- **PROBLEM STATEMENT**: Could you print the full listing below, keeping each line identical?

- **RECORDS SHOWN**:
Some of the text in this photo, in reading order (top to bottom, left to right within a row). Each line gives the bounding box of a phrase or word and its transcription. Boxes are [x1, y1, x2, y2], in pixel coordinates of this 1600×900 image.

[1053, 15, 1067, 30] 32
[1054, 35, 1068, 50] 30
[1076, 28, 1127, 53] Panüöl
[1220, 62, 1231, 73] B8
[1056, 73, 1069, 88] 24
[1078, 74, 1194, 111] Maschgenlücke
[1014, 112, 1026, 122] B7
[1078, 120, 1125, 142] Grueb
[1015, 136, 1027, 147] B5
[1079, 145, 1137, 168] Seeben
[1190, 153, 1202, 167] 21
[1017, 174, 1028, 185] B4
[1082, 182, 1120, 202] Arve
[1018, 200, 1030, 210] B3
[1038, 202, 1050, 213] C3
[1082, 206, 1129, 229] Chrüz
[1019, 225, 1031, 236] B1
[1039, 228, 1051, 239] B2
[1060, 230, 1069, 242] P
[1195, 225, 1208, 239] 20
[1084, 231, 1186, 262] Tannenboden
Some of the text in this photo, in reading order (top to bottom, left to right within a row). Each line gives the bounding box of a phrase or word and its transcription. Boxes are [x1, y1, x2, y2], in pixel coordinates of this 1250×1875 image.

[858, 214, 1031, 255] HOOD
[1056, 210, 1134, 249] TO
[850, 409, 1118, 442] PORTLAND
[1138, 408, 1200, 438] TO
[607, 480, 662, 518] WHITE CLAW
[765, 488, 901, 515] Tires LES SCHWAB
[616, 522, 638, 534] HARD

- **SOLUTION**:
Some of the text in this photo, in reading order (top to bottom, left to right within a row). Each line gives the bounding box of a phrase or word and its transcription. Boxes are [x1, y1, x2, y2], in pixel coordinates of this 1600×900 image.

[1053, 15, 1067, 30] 32
[1054, 35, 1068, 50] 30
[1076, 28, 1127, 53] Panüöl
[1220, 62, 1231, 73] B8
[1056, 73, 1069, 88] 24
[1078, 74, 1194, 111] Maschgenlücke
[1014, 112, 1026, 122] B7
[1078, 120, 1125, 142] Grueb
[1015, 136, 1027, 147] B5
[1079, 145, 1137, 168] Seeben
[1190, 153, 1202, 167] 21
[1017, 174, 1028, 185] B4
[1082, 182, 1120, 202] Arve
[1018, 200, 1030, 210] B3
[1038, 202, 1050, 213] C3
[1082, 206, 1129, 229] Chrüz
[1019, 225, 1031, 236] B1
[1039, 228, 1051, 239] B2
[1060, 230, 1069, 242] P
[1195, 225, 1208, 239] 20
[1084, 231, 1186, 262] Tannenboden
Some of the text in this photo, in reading order (top to bottom, left to right within a row). Each line gives the bounding box of a phrase or word and its transcription. Boxes are [x1, y1, x2, y2], in pixel coordinates of this 1250×1875 image.

[858, 214, 1031, 255] HOOD
[1056, 210, 1134, 249] TO
[850, 409, 1118, 442] PORTLAND
[1138, 408, 1200, 438] TO
[607, 480, 662, 518] WHITE CLAW
[765, 488, 901, 515] Tires LES SCHWAB
[616, 522, 638, 534] HARD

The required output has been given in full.